**Exercise prompt**:
An exact copy of all the entries is needed, with no images in it.

**Images for object localization**:
=== Begin Enclosure ===

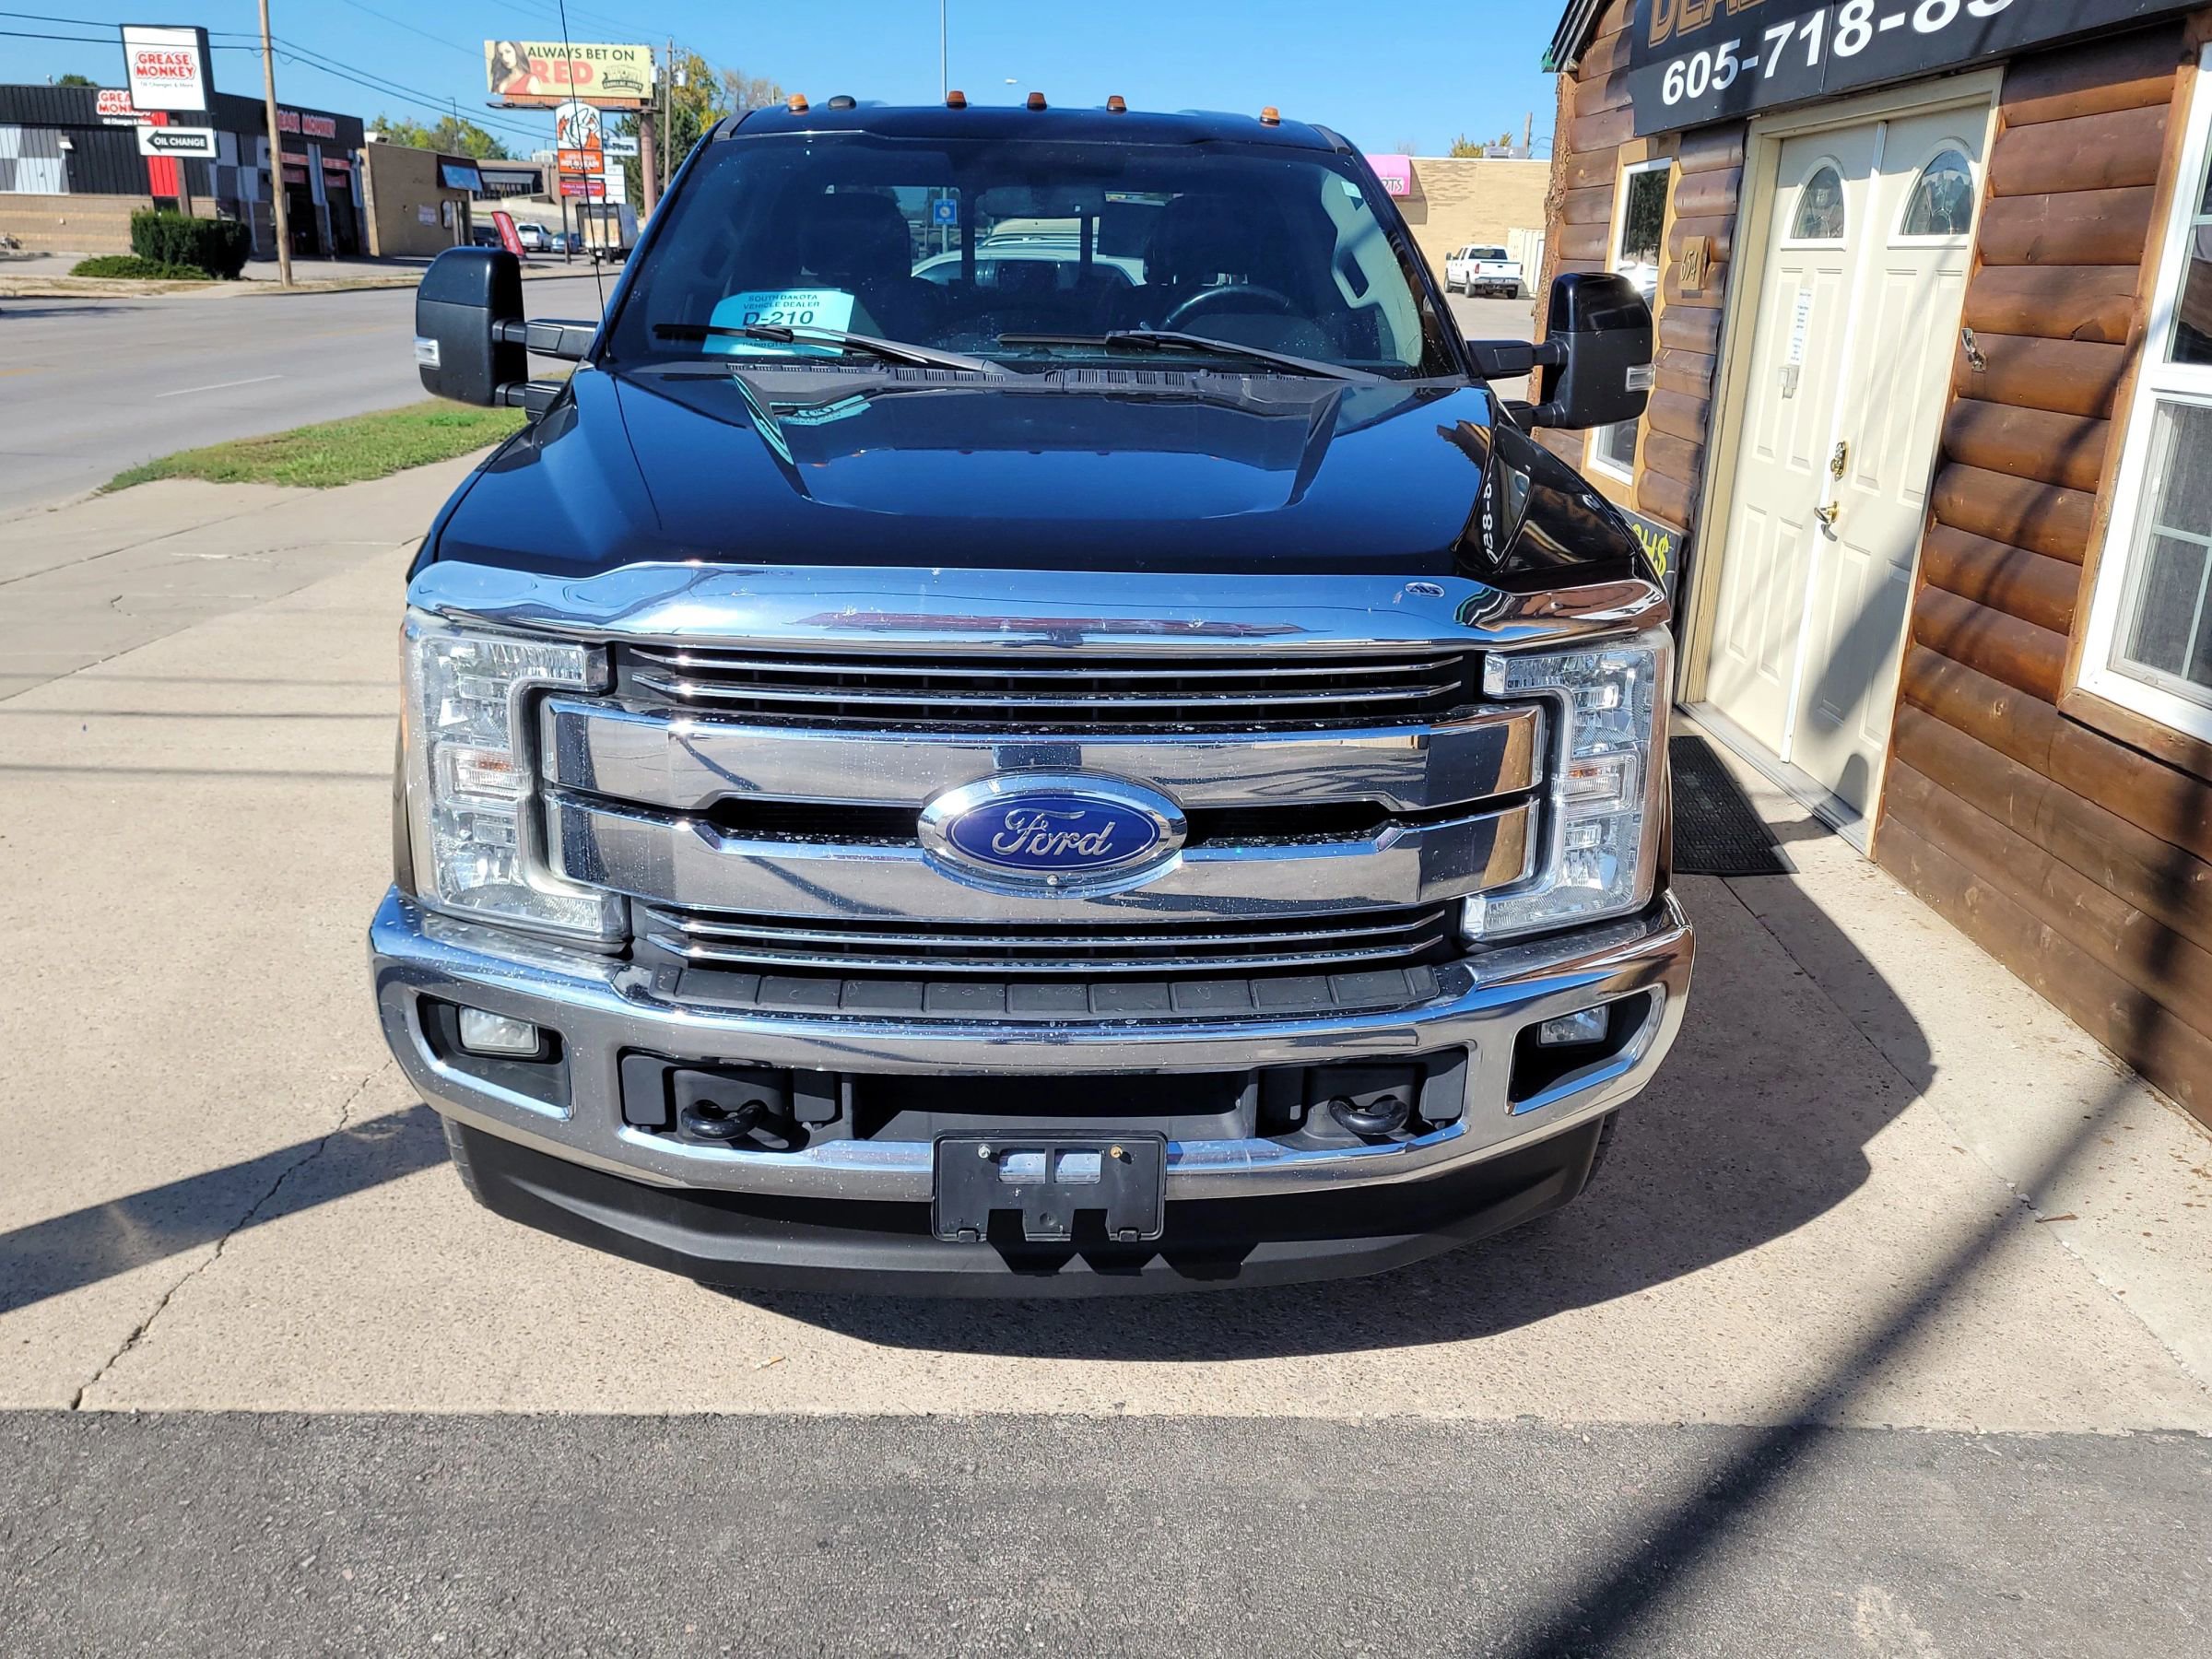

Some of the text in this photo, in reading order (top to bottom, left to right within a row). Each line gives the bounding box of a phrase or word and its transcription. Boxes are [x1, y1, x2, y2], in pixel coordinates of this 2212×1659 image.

[138, 54, 189, 65] GREASE
[528, 47, 634, 61] ALWAYS BET ON
[135, 65, 194, 77] MONKEY
[530, 60, 594, 85] RED
[100, 92, 130, 102] GREA
[154, 136, 206, 147] OIL CHANGE
[1680, 250, 1699, 282] 654
[744, 301, 782, 310] VEHICLE
[742, 311, 814, 326] D-210
[991, 807, 1116, 857] Ford

=== End Enclosure ===

**Written response**:
Some of the text in this photo, in reading order (top to bottom, left to right within a row). Each line gives the bounding box of a phrase or word and its transcription. Boxes are [x1, y1, x2, y2], in pixel coordinates of this 2212×1659 image.

[138, 54, 189, 65] GREASE
[528, 47, 634, 61] ALWAYS BET ON
[135, 65, 194, 77] MONKEY
[530, 60, 594, 85] RED
[100, 92, 130, 102] GREA
[154, 136, 206, 147] OIL CHANGE
[1680, 250, 1699, 282] 654
[744, 301, 782, 310] VEHICLE
[742, 311, 814, 326] D-210
[991, 807, 1116, 857] Ford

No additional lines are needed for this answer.